Available data: Begin

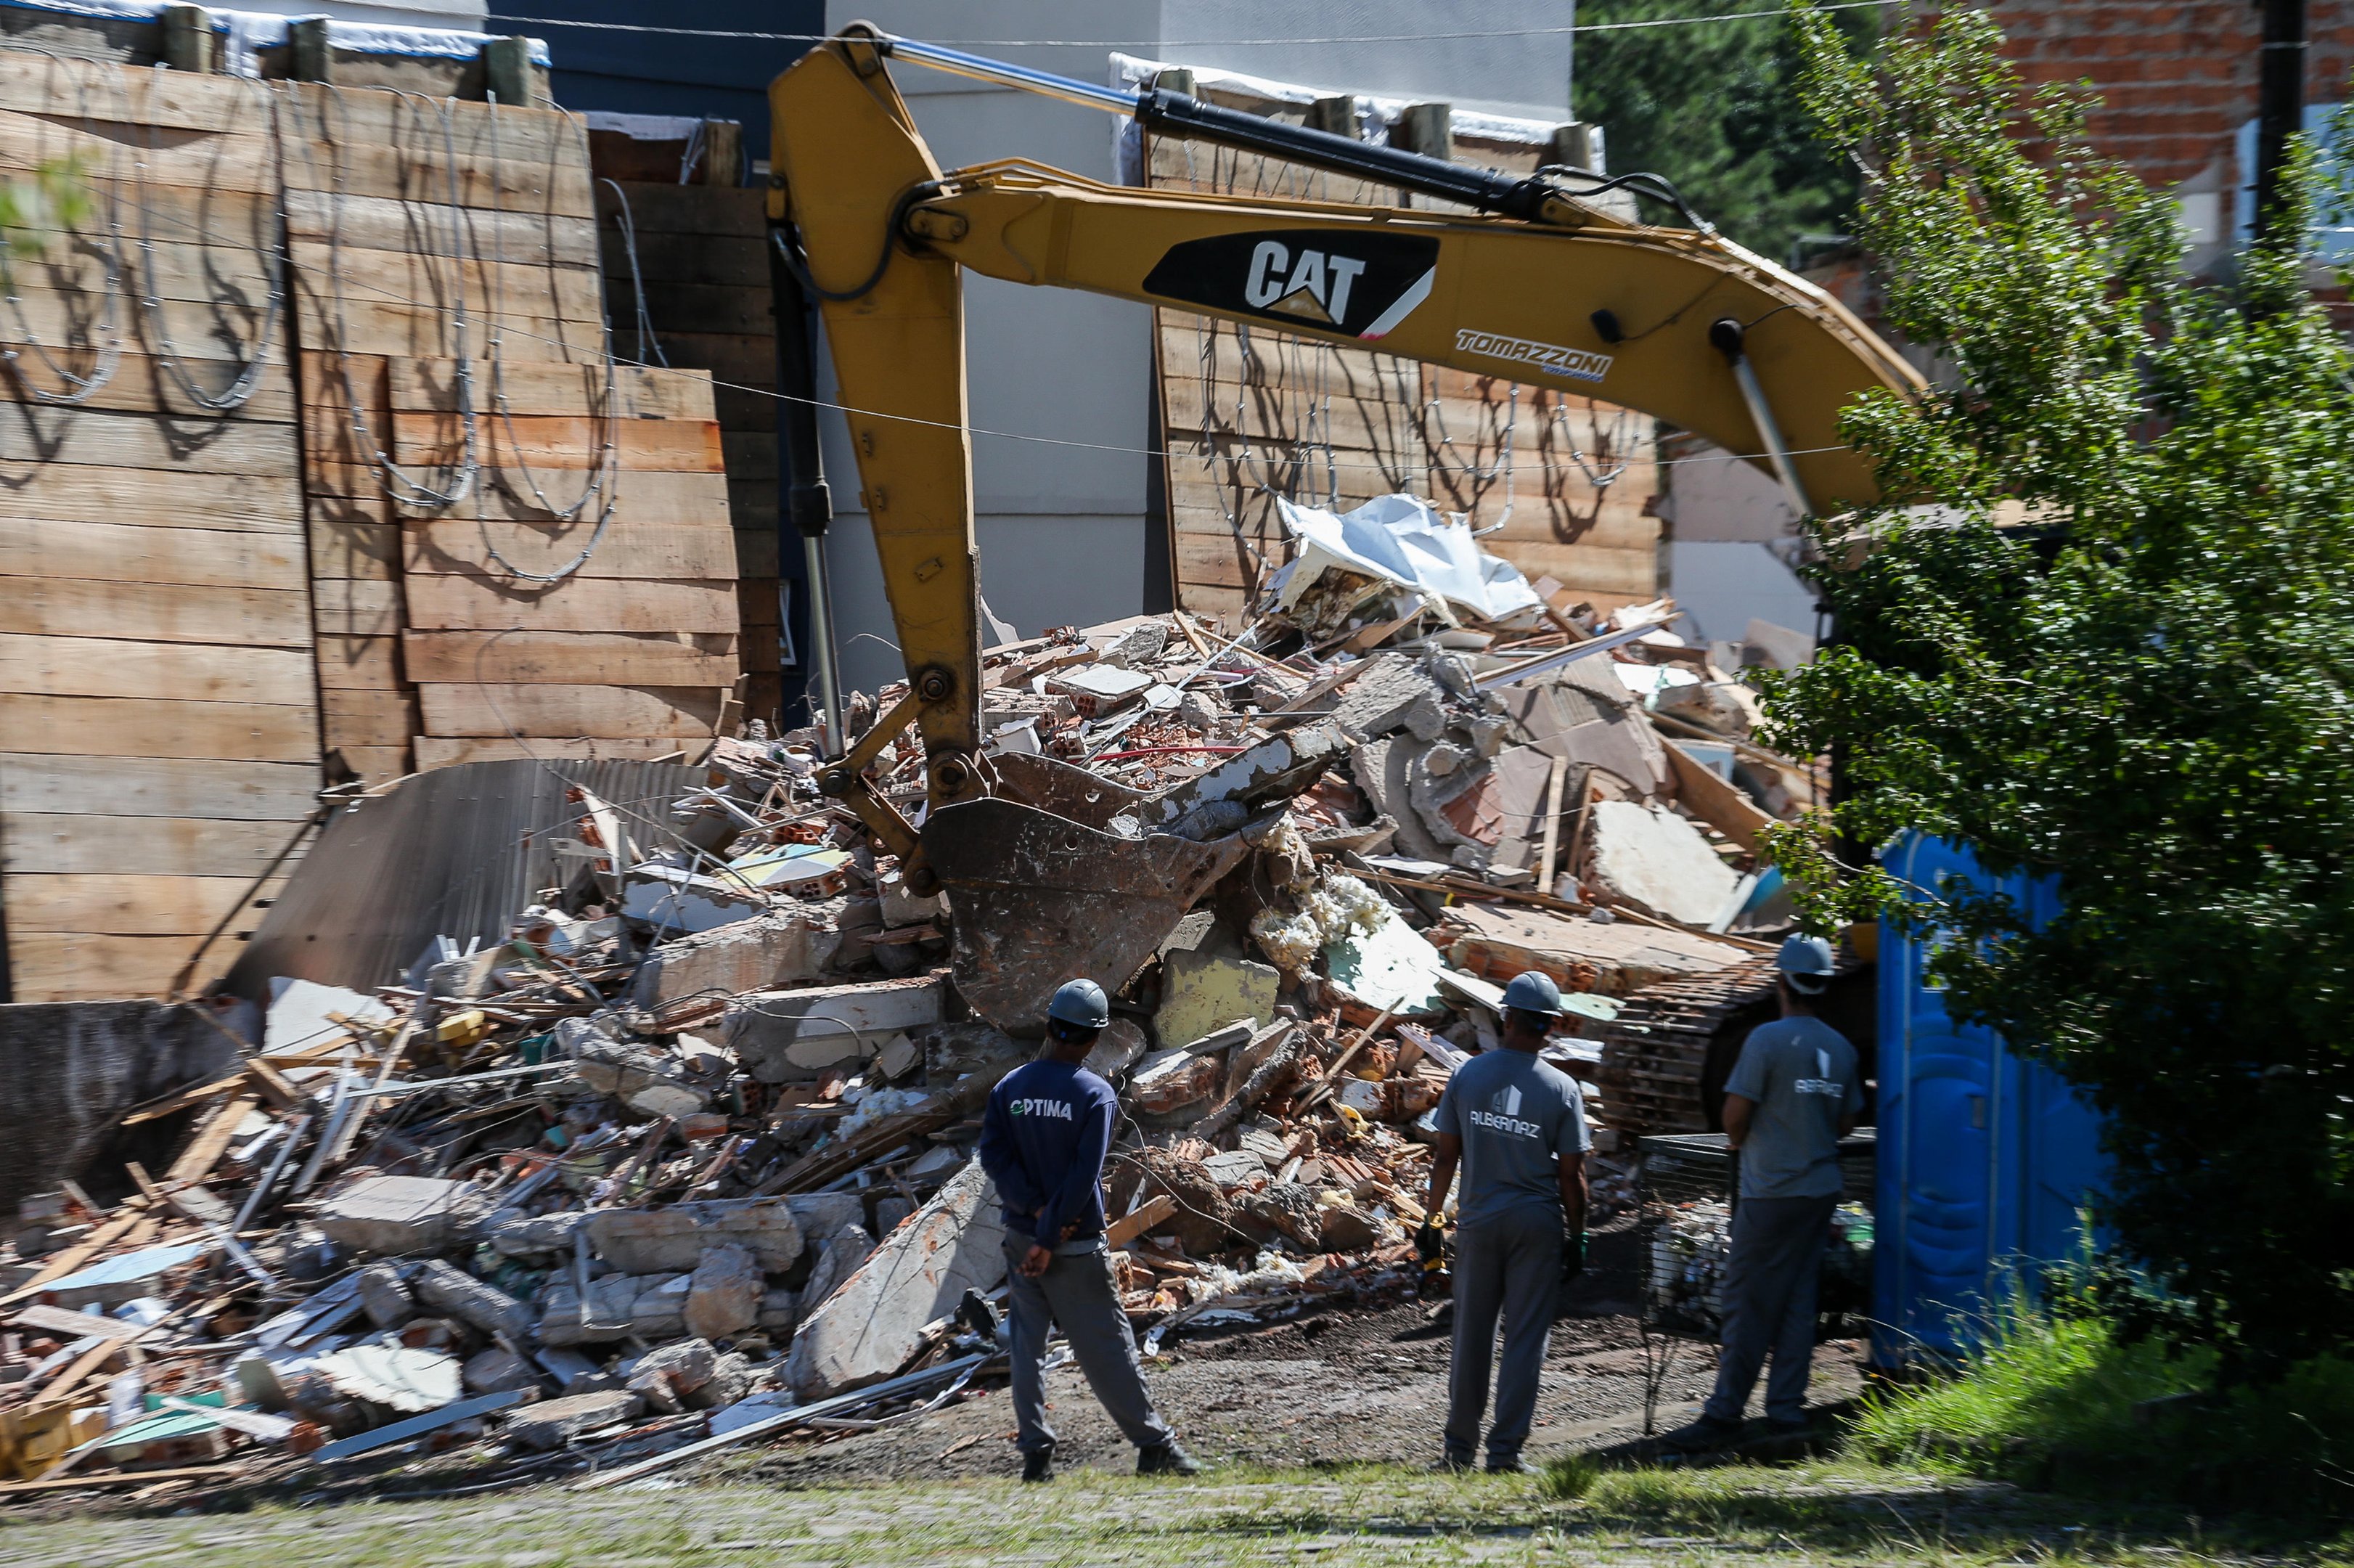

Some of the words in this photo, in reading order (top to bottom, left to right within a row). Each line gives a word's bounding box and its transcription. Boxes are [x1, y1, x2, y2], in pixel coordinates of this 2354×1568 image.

[1245, 240, 1367, 325] CAT
[1455, 328, 1614, 377] TOMAZZONI
[1010, 1098, 1072, 1121] OPTIMA
[1469, 1111, 1541, 1138] ALBERNAZ

Available data: End

Activity |
With the images excluded, all entries are to be given again exactly.

Task response |
Some of the words in this photo, in reading order (top to bottom, left to right within a row). Each line gives a word's bounding box and its transcription. Boxes are [x1, y1, x2, y2], in pixel coordinates of this 2354×1568 image.

[1245, 240, 1367, 325] CAT
[1455, 328, 1614, 377] TOMAZZONI
[1010, 1098, 1072, 1121] OPTIMA
[1469, 1111, 1541, 1138] ALBERNAZ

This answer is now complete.